When developing from the command line, issue the following commands from the project's root directory:
mkdir build && cd build
cmake ..
make -j{CPU_COUNT}
The project requires a patched version of Valgrind. To be more exact, only the VEX sub-project is actually used and patched.
Download Valgrind from the official project page. We recommend checking out the subversion repository. Revision 3203 of VEX is known to work:
svn co svn://svn.valgrind.org/valgrind/trunk@15732 valgrind
cd valgrind/VEX/
svn update -r 3203
Configure the project as per its installation instructions. Switch to the VEX
directory and apply the patch found in folder patch
:
cd VEX
patch -p0 < ../marx/patch/heap_allocation_patch.diff
First configure Valgrind by issuing ./autogen.sh
and ./configure
.
Then issue make
and make install
inside the VEX
directory to install the
VEX components. The CMake project tries to include the library
/usr/local/lib/valgrind/libvex-amd64-linux.a
. Make sure it exists.
When developing on a new binary, the first step is to export data from an IDA
database. The IDAPython script found
in ida_export
creates a dump file {BINARY_NAME}.dmp
and exports all
necessary data used for the analysis in the folder the
binary lies in. Remember to set the pure_virtual_addr in the IDAPython script
before executing it. In case of Windows, the function is called _purecall
.
In Linux, it is called __cxa_pure_virtual
.
After exporting all data, a config file for Marx has to be created manually. A config file looks like the following:
MODULENAME filezilla
TARGETDIR ../tests/filezilla/
FORMAT ELF64
NEWOPERATORS 2 431F80 432C00
EXTERNALMODULES 8 ../tests/libwx_gtk2u_aui/libwx_gtk2u_aui-3.1.so.0.0.0 ../tests/libwx_gtk2u_xrc/libwx_gtk2u_xrc-3.1.so.0.0.0 ../tests/libwx_gtk2u_adv/libwx_gtk2u_adv-3.1.so.0.0.0 ../tests/libwx_gtk2u_core/libwx_gtk2u_core-3.1.so.0.0.0 ../tests/libwx_baseu_net/libwx_baseu_net-3.1.so.0.0.0 ../tests/libwx_baseu/libwx_baseu-3.1.so.0.0.0 ../tests/libwx_gtk2u_html/libwx_gtk2u_html-3.1.so.0.0.0 ../tests/libwx_baseu_xml/libwx_baseu_xml-3.1.so.0.0.0
Further examples of config files can be seen in the evaluation data at zenodo.org.

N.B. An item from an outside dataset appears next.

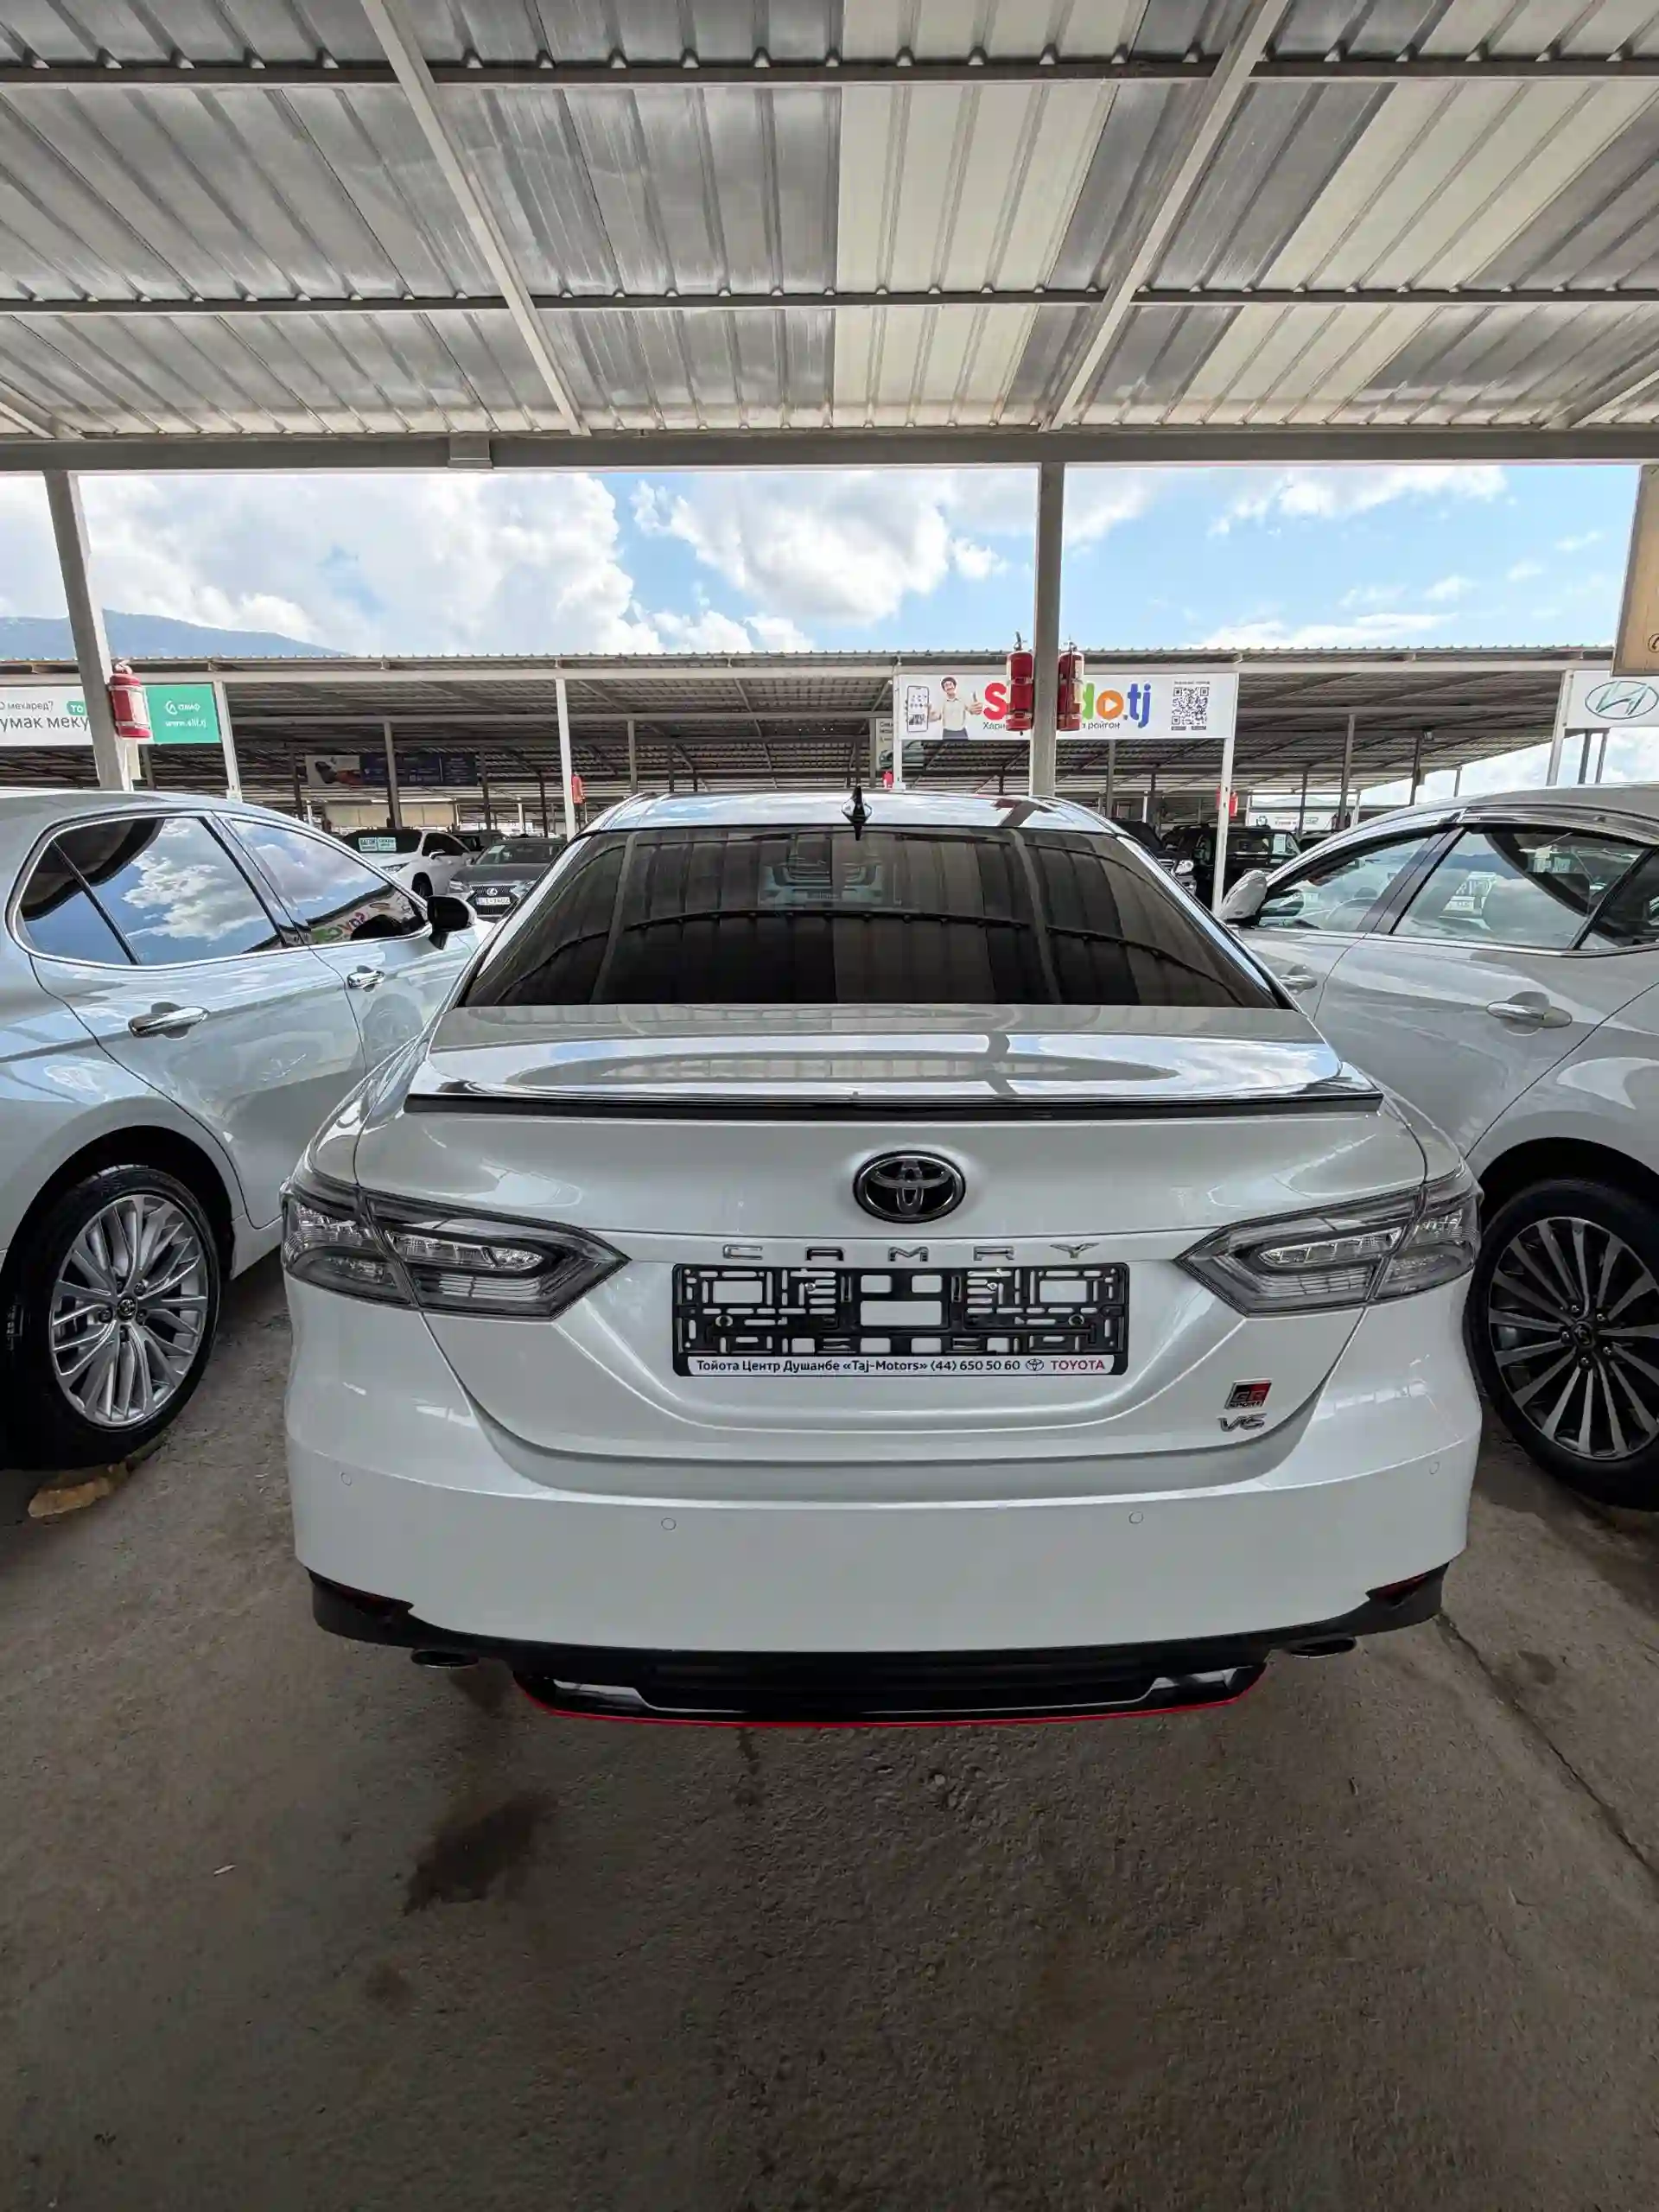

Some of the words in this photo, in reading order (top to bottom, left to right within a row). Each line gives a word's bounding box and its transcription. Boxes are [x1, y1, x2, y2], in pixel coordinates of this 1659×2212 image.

When the config file is created, Marx can be executed by issuing the following command:
./marx ../tests/filezilla/config.cfg
Afterwards, the IDAPython script found in ida_import
can be used to import the analyzed data back to IDA.
NOTE: Windows binaries have to be loaded at base address 0x0 (or rebased)
in IDA before exporting them. Also, the IDAPython script only supports Windows
binaries which are compiled with RTTI. Furthermore, specific functions
have to be blacklisted in Windows binaries
(because of compiler optimizations which would cause a lot of false-positives
during the analysis) that are in multiple vtables but do not belong together.
This is the case for example for short functions that do just zero a
register and do nothing more. See for further details the helper script
ida_win_find_blacklist_functions.py
.